1 Motivation The wide availability of data on the Web has been a valuable asset for many applications. But it has also made it hard to find specific kinds of information. Search engines, such as Google and Bing, make use of massive computing power to both crawl the Web and create the search indexes, which currently cover hundreds of billions of documents. Because they aim to maximize coverage and breadth, queries to these systems often return a very large number of results, including many that are of little relevance to a user’s information needs. Sifting through these results is time consuming, and manually refining queries to focus the search is challenging.

Figure 1: Domain Discovery Tool: Architecture The Domain Discovery Tool (DDT), whose architecture is shown in Figure 1, is an interactive system that helps users explore and better understand a domain (or topic) as it is represented on the Web. It achieves this by integrating human insights with machine computation (data mining and machine learning) through visualization. DDT allows a domain expert to visualize and analyze pages returned by a search engine or a crawler, and easily provide feedback about relevance. This feedback, in turn, can be used to address two challenges: • Guide users in the process of domain understanding and help them construct effective queries to be issued to a search engine; and

1

• Configure focused crawlers that efficiently search the Web for additional pages on the topic. DDT allows users to quickly select crawling seeds as well as positive and negatives required to create a page classifier for the focus topic. In this pilot study, our goal is to use DDT to bootstrap focused Web search. We note, however, that DDT can also be used to explore the pages retrieved by a focused crawler (see Figure 1). We are currently extending the tool for this purpose.
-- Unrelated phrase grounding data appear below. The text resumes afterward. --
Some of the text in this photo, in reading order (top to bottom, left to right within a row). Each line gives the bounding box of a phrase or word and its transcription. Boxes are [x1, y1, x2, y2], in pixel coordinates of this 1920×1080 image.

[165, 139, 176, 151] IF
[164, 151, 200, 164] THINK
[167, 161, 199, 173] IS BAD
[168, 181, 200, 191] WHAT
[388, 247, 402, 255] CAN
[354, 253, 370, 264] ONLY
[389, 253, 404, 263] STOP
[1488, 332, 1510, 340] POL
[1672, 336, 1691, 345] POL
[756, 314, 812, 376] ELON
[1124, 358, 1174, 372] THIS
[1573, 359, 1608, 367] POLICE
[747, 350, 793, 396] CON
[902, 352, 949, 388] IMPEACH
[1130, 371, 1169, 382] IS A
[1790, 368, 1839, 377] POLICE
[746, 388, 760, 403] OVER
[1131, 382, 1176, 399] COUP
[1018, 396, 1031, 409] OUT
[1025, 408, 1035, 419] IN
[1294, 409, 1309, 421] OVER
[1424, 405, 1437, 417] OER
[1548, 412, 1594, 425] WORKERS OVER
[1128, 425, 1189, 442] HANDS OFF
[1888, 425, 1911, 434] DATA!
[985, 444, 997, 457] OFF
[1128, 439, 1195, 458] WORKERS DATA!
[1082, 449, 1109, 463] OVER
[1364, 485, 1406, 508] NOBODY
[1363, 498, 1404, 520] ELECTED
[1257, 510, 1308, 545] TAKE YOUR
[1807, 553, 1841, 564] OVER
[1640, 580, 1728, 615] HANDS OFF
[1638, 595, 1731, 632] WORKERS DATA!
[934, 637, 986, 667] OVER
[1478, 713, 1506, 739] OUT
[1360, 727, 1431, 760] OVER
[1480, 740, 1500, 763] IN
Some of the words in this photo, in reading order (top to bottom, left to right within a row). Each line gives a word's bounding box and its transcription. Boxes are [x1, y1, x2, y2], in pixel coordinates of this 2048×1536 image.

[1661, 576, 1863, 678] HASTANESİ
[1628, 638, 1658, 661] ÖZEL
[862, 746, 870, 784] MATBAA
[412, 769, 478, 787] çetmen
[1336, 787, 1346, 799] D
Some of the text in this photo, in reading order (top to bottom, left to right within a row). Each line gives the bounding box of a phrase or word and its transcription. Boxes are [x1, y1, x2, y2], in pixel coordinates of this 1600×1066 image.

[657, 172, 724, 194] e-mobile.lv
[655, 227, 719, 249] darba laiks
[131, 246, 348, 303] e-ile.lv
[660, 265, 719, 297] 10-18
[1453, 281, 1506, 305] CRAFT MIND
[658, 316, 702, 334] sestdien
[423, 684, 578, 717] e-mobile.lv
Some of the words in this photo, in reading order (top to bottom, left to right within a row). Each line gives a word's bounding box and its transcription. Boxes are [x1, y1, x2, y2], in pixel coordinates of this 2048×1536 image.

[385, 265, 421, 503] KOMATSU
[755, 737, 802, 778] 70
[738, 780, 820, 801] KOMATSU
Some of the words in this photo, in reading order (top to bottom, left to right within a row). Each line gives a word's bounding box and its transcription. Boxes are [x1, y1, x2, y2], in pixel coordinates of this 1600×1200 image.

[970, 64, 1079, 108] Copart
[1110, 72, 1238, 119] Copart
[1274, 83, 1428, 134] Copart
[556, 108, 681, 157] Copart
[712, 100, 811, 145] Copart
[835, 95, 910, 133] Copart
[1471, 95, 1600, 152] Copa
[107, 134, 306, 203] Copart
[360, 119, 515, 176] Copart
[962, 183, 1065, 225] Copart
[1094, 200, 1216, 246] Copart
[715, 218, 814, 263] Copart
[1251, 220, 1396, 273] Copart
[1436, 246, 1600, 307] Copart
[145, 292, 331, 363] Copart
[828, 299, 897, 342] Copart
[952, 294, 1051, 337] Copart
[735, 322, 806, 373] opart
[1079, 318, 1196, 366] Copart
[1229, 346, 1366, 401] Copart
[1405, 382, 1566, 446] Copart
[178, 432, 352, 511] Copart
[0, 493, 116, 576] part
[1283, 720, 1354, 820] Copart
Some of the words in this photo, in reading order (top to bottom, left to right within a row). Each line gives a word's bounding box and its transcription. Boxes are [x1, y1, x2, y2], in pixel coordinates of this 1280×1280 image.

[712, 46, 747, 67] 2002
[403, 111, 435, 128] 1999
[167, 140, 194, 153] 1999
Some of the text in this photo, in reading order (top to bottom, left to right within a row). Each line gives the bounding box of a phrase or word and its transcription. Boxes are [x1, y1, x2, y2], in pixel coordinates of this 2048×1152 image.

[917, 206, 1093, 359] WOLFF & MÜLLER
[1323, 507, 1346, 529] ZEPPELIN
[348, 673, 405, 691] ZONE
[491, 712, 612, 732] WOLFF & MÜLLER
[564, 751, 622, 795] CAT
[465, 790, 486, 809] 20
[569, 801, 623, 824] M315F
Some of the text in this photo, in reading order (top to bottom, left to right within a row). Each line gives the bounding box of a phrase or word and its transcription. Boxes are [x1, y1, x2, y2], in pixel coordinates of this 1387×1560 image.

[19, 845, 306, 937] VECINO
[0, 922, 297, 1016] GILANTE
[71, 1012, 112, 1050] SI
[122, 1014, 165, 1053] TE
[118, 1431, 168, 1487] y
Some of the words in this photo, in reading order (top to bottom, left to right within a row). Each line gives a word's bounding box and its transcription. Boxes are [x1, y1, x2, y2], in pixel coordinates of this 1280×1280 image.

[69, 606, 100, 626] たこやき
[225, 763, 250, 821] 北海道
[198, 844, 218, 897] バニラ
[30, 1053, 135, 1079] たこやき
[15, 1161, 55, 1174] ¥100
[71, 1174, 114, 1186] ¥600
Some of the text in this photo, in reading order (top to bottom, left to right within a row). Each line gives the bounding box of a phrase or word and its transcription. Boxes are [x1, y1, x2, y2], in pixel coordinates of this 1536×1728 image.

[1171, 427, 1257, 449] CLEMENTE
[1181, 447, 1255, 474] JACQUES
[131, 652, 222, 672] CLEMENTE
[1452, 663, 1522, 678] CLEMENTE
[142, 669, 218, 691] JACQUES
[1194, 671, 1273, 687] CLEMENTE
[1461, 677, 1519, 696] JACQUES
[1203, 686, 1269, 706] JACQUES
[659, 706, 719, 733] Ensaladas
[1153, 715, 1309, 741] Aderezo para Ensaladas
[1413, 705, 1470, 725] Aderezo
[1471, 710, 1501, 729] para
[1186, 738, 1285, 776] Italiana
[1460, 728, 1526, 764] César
2 Focused Search The search component of the DDT, shown in Figure 2, leverages general-purpose search engines like Google or Bing that already hold a large portion of the Web. A user can start the search process by posing queries that consist of terms relevant for the topic of interest. These queries are issued Google or Bing search and a representative set of results is retrieved, say 1000 top pages. The search engines, however, return a set of diverse results most relevant to the query terms and not necessarily the particular topic of interest. An important goal of DDT is to make it easy for users to provide feedback with respect to the relevance of the pages. Users can mark individual pages as relevant or irrelevant. The tool also clusters similar pages together and allows users to interact with the results through a multidimensional scaling visualization shown in Figure 2: a user can interactively select clusters (or set of pages) and tag multiple pages simultaneously.

Figure 2: Domain Discovery Tool: User interface components The tags assigned to the pages are stored in a database and used as follows: 1. Relevant and irrelevant pages are further processed to extract more topic related terms and phrases which can be used to further learn about the topic and refine queries. The terms and phrases extracted from the pages are then issued to Google or Bing search engines as either new

queries or appended to the old query. New queries enable diversifying the search to other related sub topics, hence covering different areas of the Web. Appending to existing queries help to focus the search more on topic especially when the initial search queries are ambiguous. 2. Relevant and irrelevant pages are used to build a page classifier for the topic of interest. This classifier is a key component of a focused crawler, and can also be used to filter pages obtained from search engines. 3. The relevant pages can serve as seeds for a focused crawl.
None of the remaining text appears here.